A primeira atriz negra a ganhar Oscar foi Hattie McDaniel, coadjuvante no filme E o Vento Levou (1940). Mas na cerimônia de entrega da estatueta, ela foi impedida de ficar ao lado dos colegas atores – sentou-se à uma mesa escondida no fundo da sala. Neste histórico domingo, 25 de abril de 2021, a sala não reunia tanta gente – assim como em 1940 –, mas havia tantos negros quanto brancos. E sentados juntos, sem segregação, e em lugares privilegiados na condição de nominados ou no palco, recebendo, entregando, apresentando o prêmio.
E não apenas negros. Houve espaço para muitas mulheres (da segunda a ganhar Oscar de direção, Chloé Zaho, às candidatas a atriz, figurino, canção etc), idosos (Anthony Hopkins, ator mais velho a receber a estatueta) e inúmeros imigrantes: dinamarqueses, turcos, chineses, coreano, britânicos, franceses e até brasileira (Alice Braga empresta a voz em animação da Disney).
Por tudo a que o precedeu, como resultado da pandemia, era de se esperar que tivéssemos uma cerimônia diferente. Mas o evento foi muito além da expectativa: o cenário da grande festa tinha sido modificado. No lugar da predominância de brancos, loiros de olhos azuis e verdes, a equivalência da cor da África mais que nunca tomando assentos na Casa Grande. E das mulheres e velhos e imigrantes.

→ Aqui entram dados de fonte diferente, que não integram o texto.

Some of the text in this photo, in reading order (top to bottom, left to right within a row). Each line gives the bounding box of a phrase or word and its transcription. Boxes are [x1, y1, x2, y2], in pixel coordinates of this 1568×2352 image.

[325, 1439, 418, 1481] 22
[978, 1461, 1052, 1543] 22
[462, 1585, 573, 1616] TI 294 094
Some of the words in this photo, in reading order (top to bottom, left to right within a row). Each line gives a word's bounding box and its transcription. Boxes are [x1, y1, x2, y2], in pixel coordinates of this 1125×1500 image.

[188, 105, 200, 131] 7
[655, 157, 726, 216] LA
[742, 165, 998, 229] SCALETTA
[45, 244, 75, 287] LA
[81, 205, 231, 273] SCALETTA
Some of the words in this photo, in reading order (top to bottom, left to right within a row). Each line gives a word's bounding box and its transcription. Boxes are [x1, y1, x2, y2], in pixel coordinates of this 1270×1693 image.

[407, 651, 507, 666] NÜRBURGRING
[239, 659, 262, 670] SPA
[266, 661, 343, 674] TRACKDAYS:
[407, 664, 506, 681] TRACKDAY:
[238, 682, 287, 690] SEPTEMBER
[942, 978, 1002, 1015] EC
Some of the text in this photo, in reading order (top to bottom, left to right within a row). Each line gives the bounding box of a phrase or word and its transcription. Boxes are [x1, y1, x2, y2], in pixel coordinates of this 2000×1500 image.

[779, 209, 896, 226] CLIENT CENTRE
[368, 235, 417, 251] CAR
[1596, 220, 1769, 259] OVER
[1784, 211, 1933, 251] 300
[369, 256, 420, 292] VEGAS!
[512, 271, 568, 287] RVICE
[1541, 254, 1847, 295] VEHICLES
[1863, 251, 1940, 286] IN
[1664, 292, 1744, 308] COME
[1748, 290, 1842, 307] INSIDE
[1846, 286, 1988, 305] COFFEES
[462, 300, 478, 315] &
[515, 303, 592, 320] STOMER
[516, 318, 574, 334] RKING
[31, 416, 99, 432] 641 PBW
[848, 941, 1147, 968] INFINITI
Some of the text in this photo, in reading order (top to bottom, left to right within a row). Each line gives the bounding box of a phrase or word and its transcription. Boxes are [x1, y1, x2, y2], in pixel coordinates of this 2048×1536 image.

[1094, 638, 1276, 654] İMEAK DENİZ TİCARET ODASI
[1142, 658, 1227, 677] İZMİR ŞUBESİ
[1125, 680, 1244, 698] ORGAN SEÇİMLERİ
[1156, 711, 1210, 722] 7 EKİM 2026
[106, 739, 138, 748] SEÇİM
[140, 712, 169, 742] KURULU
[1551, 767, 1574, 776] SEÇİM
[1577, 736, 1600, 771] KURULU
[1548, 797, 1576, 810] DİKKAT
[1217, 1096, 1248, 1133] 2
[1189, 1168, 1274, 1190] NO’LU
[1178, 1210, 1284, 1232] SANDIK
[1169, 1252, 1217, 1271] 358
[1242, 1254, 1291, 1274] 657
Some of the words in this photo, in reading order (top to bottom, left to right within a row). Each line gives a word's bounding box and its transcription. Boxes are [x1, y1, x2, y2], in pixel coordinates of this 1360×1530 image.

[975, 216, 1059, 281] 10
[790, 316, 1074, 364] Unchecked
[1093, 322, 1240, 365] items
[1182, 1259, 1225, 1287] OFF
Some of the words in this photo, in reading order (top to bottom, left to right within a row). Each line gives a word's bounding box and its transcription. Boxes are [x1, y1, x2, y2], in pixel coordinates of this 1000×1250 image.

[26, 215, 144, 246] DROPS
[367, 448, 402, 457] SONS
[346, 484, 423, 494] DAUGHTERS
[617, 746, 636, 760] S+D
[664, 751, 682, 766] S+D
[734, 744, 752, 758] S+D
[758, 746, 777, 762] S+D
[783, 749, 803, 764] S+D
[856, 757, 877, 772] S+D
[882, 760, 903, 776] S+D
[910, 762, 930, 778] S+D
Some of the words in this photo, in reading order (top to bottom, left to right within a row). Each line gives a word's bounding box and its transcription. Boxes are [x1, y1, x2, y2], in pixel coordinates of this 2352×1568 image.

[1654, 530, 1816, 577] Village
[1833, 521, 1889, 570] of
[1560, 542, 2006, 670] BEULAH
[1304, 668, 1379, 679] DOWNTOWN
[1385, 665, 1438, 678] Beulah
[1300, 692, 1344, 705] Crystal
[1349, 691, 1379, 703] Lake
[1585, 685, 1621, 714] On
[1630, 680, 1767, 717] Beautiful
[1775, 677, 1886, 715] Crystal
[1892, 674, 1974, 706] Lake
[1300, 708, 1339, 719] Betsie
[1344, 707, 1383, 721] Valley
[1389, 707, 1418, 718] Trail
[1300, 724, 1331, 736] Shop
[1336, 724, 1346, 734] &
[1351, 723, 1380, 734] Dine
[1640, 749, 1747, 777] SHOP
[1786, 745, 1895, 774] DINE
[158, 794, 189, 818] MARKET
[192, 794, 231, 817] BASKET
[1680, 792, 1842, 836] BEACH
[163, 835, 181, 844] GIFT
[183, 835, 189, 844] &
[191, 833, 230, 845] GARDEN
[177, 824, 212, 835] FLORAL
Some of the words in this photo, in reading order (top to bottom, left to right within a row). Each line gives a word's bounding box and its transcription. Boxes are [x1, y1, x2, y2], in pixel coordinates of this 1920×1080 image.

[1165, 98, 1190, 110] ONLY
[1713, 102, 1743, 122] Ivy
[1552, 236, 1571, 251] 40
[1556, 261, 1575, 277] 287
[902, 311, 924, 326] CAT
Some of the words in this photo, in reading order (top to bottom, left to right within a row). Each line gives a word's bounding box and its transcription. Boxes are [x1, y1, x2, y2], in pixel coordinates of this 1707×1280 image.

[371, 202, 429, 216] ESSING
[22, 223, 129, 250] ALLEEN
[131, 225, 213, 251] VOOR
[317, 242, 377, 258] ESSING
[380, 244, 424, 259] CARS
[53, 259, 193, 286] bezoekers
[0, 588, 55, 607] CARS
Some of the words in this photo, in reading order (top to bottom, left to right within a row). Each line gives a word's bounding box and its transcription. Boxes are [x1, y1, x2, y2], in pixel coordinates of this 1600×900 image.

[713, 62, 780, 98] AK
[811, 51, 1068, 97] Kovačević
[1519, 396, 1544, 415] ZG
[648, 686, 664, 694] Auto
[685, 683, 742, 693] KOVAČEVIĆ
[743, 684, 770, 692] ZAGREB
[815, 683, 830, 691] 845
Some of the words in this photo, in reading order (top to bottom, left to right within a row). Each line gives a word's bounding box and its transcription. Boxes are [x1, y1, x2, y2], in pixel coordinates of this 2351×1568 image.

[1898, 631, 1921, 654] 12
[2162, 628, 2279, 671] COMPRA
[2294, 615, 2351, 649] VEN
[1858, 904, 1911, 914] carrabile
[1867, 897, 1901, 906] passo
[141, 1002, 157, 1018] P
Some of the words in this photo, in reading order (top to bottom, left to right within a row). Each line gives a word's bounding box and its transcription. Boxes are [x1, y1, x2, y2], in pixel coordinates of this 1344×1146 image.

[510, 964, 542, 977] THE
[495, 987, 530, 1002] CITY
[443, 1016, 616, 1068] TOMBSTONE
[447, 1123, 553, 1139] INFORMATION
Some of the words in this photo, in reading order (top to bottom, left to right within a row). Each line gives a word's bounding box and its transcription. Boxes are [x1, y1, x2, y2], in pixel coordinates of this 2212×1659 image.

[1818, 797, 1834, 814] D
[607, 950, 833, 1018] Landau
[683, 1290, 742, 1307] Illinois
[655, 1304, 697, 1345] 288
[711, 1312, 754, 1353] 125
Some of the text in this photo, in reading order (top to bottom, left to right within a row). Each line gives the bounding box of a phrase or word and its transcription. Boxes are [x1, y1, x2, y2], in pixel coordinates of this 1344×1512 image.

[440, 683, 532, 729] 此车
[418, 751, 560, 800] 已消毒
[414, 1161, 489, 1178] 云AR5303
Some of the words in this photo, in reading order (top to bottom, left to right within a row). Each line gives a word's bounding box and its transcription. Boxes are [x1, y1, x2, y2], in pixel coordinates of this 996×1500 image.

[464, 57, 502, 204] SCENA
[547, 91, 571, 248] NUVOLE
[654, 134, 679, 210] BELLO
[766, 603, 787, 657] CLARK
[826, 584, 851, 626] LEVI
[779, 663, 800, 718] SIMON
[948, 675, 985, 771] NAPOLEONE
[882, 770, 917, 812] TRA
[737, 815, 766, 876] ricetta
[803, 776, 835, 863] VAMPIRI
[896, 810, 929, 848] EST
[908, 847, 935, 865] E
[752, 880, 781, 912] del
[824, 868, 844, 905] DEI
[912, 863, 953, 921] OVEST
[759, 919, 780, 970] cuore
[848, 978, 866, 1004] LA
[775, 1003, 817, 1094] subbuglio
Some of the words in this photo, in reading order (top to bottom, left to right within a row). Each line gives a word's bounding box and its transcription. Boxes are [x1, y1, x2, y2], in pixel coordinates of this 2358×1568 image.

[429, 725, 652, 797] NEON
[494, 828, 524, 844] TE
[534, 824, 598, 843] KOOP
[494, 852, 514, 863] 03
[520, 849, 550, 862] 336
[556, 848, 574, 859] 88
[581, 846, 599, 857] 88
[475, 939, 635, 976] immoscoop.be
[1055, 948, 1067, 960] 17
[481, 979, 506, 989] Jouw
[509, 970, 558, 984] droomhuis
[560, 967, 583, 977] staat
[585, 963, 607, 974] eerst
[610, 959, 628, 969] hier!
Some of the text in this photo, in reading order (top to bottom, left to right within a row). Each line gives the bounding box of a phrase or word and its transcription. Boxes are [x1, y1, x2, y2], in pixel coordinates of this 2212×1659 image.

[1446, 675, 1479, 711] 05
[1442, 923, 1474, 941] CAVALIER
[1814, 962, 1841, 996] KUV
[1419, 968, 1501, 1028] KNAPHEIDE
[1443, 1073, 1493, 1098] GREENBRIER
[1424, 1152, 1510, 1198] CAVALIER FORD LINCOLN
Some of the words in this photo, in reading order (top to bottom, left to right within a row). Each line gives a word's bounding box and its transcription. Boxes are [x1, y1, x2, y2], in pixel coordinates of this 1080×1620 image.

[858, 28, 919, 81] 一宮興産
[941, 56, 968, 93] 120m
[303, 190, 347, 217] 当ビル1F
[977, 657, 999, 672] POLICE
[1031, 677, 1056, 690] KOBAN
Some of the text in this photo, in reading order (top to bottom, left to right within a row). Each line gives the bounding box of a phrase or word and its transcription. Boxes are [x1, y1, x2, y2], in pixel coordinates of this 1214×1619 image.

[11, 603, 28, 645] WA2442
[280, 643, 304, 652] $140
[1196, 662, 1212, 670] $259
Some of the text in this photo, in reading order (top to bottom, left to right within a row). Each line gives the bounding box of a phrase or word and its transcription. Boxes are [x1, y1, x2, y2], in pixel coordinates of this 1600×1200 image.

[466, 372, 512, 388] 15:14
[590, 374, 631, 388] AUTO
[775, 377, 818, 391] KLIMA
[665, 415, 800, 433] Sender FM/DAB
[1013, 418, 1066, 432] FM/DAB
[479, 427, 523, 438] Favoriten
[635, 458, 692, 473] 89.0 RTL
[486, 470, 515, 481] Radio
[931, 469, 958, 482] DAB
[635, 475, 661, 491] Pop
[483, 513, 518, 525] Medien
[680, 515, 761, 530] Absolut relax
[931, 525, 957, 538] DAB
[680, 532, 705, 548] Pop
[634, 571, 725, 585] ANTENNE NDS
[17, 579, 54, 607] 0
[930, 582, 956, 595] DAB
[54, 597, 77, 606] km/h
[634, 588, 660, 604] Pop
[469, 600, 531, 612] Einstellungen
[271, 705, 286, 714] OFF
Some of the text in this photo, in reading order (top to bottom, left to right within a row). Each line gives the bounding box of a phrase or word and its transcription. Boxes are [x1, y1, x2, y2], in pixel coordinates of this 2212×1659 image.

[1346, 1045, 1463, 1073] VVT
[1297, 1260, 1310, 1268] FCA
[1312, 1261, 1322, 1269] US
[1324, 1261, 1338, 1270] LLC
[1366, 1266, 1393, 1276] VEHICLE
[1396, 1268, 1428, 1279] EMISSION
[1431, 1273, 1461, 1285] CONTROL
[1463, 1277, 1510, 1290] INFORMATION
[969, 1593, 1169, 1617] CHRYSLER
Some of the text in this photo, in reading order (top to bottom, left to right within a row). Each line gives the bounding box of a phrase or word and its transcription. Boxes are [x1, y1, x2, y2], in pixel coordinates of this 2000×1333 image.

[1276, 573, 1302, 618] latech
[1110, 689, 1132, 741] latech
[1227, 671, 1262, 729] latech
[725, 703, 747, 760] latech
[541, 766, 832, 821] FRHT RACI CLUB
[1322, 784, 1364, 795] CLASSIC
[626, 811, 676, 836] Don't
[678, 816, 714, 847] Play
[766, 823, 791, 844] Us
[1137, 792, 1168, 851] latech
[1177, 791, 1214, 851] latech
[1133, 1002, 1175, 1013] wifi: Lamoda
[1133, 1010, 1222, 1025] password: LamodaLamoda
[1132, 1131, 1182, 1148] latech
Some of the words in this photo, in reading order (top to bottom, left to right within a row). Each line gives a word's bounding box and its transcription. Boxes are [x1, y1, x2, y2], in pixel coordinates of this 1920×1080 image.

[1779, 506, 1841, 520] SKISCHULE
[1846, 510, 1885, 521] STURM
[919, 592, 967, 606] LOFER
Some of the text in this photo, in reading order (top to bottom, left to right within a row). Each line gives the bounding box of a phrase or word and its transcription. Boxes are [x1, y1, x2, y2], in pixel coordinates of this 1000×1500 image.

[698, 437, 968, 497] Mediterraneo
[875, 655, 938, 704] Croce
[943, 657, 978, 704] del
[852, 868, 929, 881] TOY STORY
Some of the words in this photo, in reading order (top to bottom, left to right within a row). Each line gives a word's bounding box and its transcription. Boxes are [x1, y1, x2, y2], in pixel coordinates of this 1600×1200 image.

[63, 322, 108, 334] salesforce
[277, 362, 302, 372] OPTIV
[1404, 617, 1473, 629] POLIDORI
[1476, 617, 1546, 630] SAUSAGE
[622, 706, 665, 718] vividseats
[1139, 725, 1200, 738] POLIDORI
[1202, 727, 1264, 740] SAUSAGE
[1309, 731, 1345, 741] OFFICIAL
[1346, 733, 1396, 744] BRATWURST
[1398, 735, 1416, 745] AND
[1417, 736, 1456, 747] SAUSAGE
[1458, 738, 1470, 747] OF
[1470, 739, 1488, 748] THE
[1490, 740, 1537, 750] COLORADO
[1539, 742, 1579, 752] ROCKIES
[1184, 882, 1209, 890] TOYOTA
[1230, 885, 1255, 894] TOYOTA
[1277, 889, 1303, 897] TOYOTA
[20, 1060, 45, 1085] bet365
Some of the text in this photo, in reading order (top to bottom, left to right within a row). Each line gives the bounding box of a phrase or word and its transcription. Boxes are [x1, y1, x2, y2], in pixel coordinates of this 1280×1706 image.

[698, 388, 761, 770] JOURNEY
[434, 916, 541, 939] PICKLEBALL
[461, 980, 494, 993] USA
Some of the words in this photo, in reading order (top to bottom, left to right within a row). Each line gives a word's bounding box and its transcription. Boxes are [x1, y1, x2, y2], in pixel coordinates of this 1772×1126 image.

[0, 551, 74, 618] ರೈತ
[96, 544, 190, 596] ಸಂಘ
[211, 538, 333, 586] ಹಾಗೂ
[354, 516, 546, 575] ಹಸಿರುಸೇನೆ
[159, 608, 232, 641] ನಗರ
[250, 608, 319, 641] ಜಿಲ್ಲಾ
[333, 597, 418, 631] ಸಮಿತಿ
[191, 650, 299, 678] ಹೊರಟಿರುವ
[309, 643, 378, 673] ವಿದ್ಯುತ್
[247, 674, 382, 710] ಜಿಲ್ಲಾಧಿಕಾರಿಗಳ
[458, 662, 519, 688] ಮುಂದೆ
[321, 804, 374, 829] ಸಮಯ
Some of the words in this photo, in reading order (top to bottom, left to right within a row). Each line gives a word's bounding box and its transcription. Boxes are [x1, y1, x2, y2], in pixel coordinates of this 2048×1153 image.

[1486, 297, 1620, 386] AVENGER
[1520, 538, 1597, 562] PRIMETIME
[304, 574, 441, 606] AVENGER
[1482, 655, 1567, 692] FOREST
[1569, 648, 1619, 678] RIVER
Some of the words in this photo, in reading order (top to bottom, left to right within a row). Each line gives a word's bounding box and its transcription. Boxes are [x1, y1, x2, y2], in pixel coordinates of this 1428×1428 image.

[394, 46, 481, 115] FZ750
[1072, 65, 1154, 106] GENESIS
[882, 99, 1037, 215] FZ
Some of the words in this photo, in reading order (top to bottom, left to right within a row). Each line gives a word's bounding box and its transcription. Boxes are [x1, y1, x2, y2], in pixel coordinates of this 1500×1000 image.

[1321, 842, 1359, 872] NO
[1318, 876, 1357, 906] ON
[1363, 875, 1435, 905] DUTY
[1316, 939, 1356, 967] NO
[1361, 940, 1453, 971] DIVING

Tomaram posse do que lhes era devido, arrombaram a festa, invadiram a praia, hastearam bandeiras e ergueram a voz em discursos longos, emocionados, humanos – discursos de quem está próximo, expressam nossa linguagem, falas desprovidas de formalidades, textos não ensaiados. Como o diretor dinamarquês Thomas Winterberg, que chorou a perda da filha, da atriz coreana Youn Yun-jung dotada de carisma e simplicidade comoventes, do americano Daniel Kaluuya, que agradeceu a Deus e a mãe emocionada na plateia, da britânica Emerald Fennell, que afirmou que ingleses não choram – mas o choro dela estava evidente no sorriso alegre. Parecia gente igual a gente.
Também houve dois prêmios humanitários com alcance para além da arte, que contemplou a entidade Motion Pictures & Television Fund e um programa dirigido pelo militante negro Tyler Perry, ambos convivendo com os efeitos da pandemia. Impossível não se comover ante os discursos dos respectivos representantes.
Em uma atividade que está entre as primeiras no topo dos setores mais rentáveis dos Estados Unidos, país conhecido pelo consumo e desperdício (tudo em excesso), e em meio a festa dedicada ao glamour, à riqueza, à superexposição e na qual desfilam artistas chamados (as) de estrelas para se manterem longe dos mortais falava-se em solidariedade, misericórdia, doação. Não sou ingênuo imaginando que os Estados Unidos mudaram o modo de ver o mundo. Eles sabem que a globalização aproximou os países e que territórios nunca antes explorados são campos férteis para gerar mais lucros e que um prêmio localizado (o da indústria americana, voltada para a América) perdeu a validade.
Hoje, o Oscar é de todos, pois, quanto mais países consumindo filmes, mais lucros terá a grande indústria, mas também porque existem talentos em qualquer parte, de Angola, ao Irã, passando pela China, Paraguai, Índia, Cazaquistão, Noruega, Itália, Islândia. Além disso, artistas e técnicos do planeta inteiro, agora, fazem parte da Academia de Artes e com direito a voto, influência, palpite e mão de obra. O que isso muda? Ganha-se oportunidades para exercitar a arte e dinheiro.
Quero acreditar que o mundo da pandemia está diferente daquele no qual vivíamos e que as mudanças serão ainda mais significativas.
Talvez, sim, exista um tanto de ingenuidade, mas a cerimônia do Oscar me fez pensar que talvez não haja mais como voltar atrás e que as transformações são irreversíveis. Quero pensar que essa vitrine de ostentação cresceu e deixou as coisas próprias de menino, que abandonou a exacerbação do luxo e da opulência, como se fossem deuses se lambuzando do fausto, para se tornar mais humana, e que se desfez da futilidade e vislumbrou a nobreza.